A painful throat — whether burning or scratching – is a very common symptom with a large number of potential causes, from infection to physical injury. No matter the cause, it’s always uncomfortable, but identifying the source can you help find the best way to treat it.
A sore throat may come with other signs of illness, such as fever, coughing, runny nose, aching in the head or body, and fatigue; if you have these symptoms, you may have contracted a viral infection such as the flu or the common cold – this is the most common cause of throat irritation. Mononucleosis (usually shortened to “mono”) is a viral infection that also includes swollen neck glands and fever as symptoms, and people often feel very weak and tired for weeks after contracting it. A scratchy or itchy throat that comes with sneezing or itchy eyes is often a sign of allergies. A very painful sore throat on its own — unaccompanied by cold and flu symptoms – may be strep throat, a common bacterial infection. Finally, it may be caused by an injury (such as swallowing the jagged end of a chip the wrong way) or an irritant (such as smoke, or stomach acid from acid-reflux disease).

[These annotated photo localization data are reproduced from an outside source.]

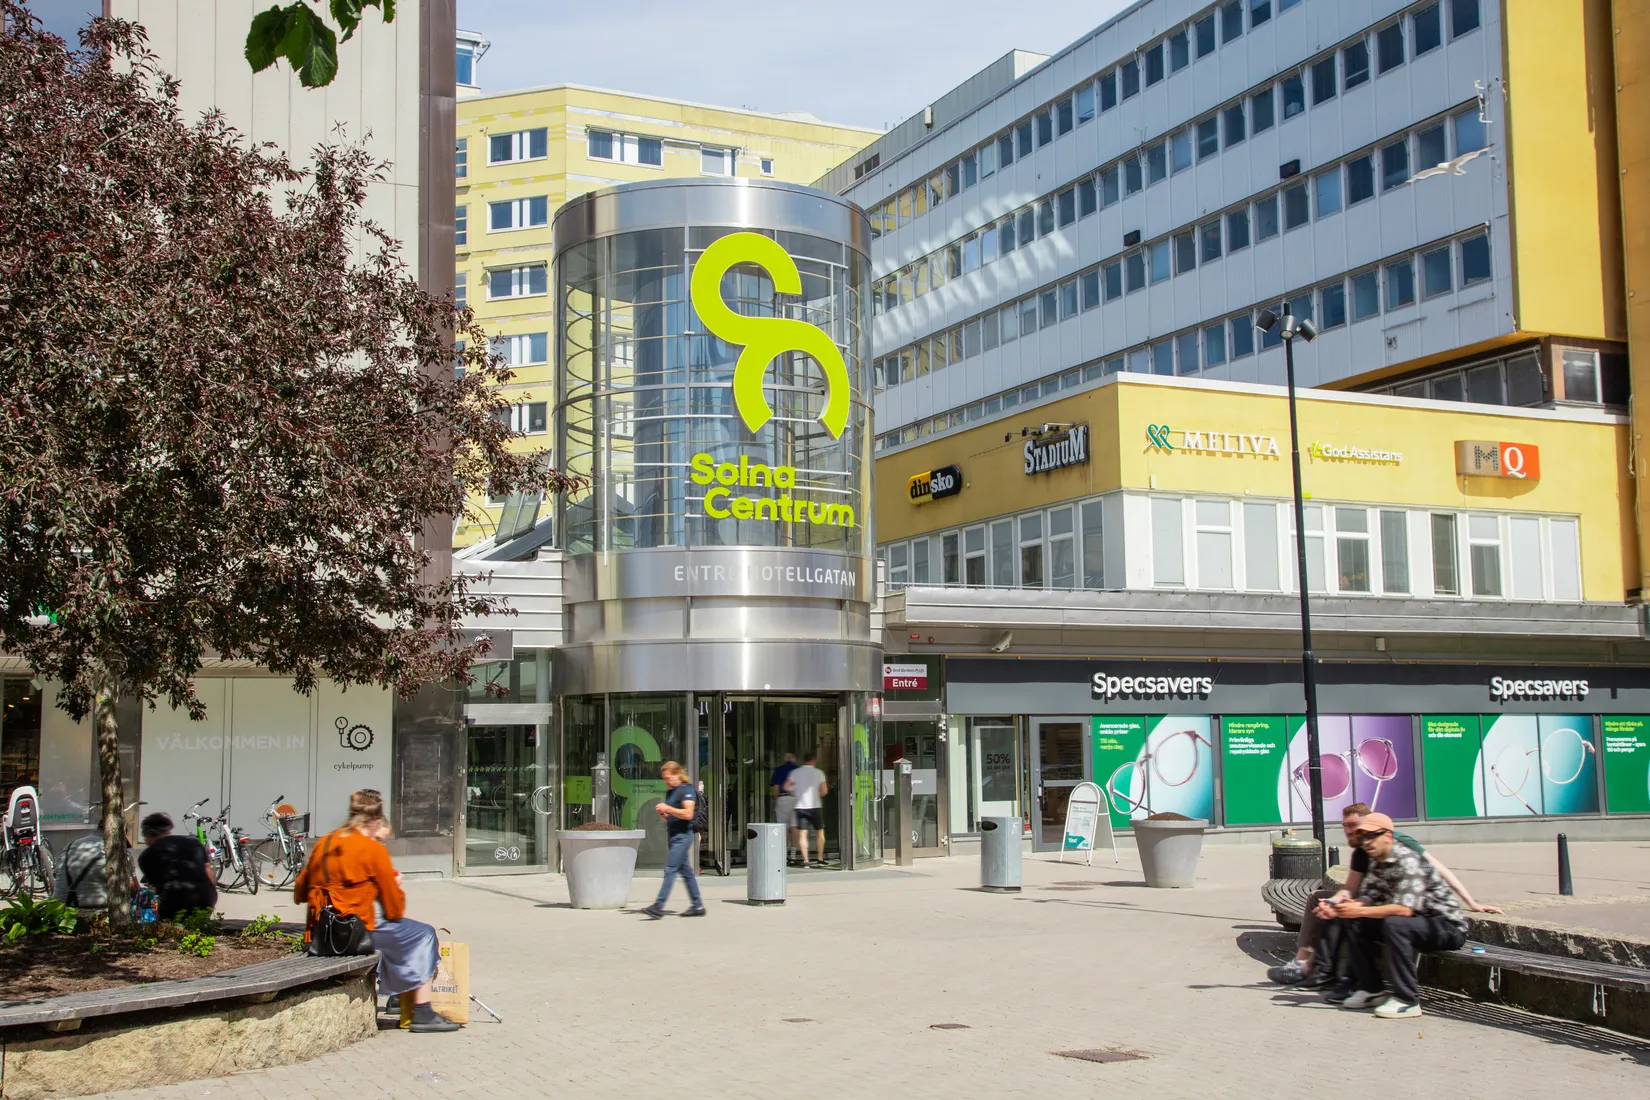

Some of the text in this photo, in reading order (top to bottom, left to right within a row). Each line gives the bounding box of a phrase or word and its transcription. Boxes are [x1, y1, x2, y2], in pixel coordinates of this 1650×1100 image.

[1182, 429, 1281, 457] MELIVA
[1322, 443, 1403, 462] God Assistans
[690, 452, 796, 489] Solna
[703, 486, 855, 528] Centrum
[892, 678, 918, 687] Entré
[1092, 672, 1213, 697] Specsavers
[1490, 676, 1590, 699] Specsavers
[156, 732, 305, 751] VÄLKOMMEN IN
[333, 761, 374, 772] cykelpump
[986, 753, 1011, 765] 50%

Identifying the accompanying symptoms may help you get a better sense of what is wrong and how to treat it. Viral infections such as the flu or cold can usually be treated at home, with rest, plenty of fluids, and some help from over the counter medications. If you suspect mono or strep throat, you’ll need treatment by a doctor; strep throat will be given a prescription for antibiotics. Allergies can be treated with over the counter allergy medication and by limiting your exposure to allergens, but you may consult an allergist if they’re severe. Gargling with warm salt water is a time-honored home treatment for soothing a sore throat that works regardless of the cause.
If your sore throat lasts more than a week, interferes with breathing, or makes it so difficult to swallow that eating is impossible or drooling occurs, see a doctor. A painful throat that comes with a rash or high fever (above 101 degrees) or blood in saliva is also cause to seek medical treatment.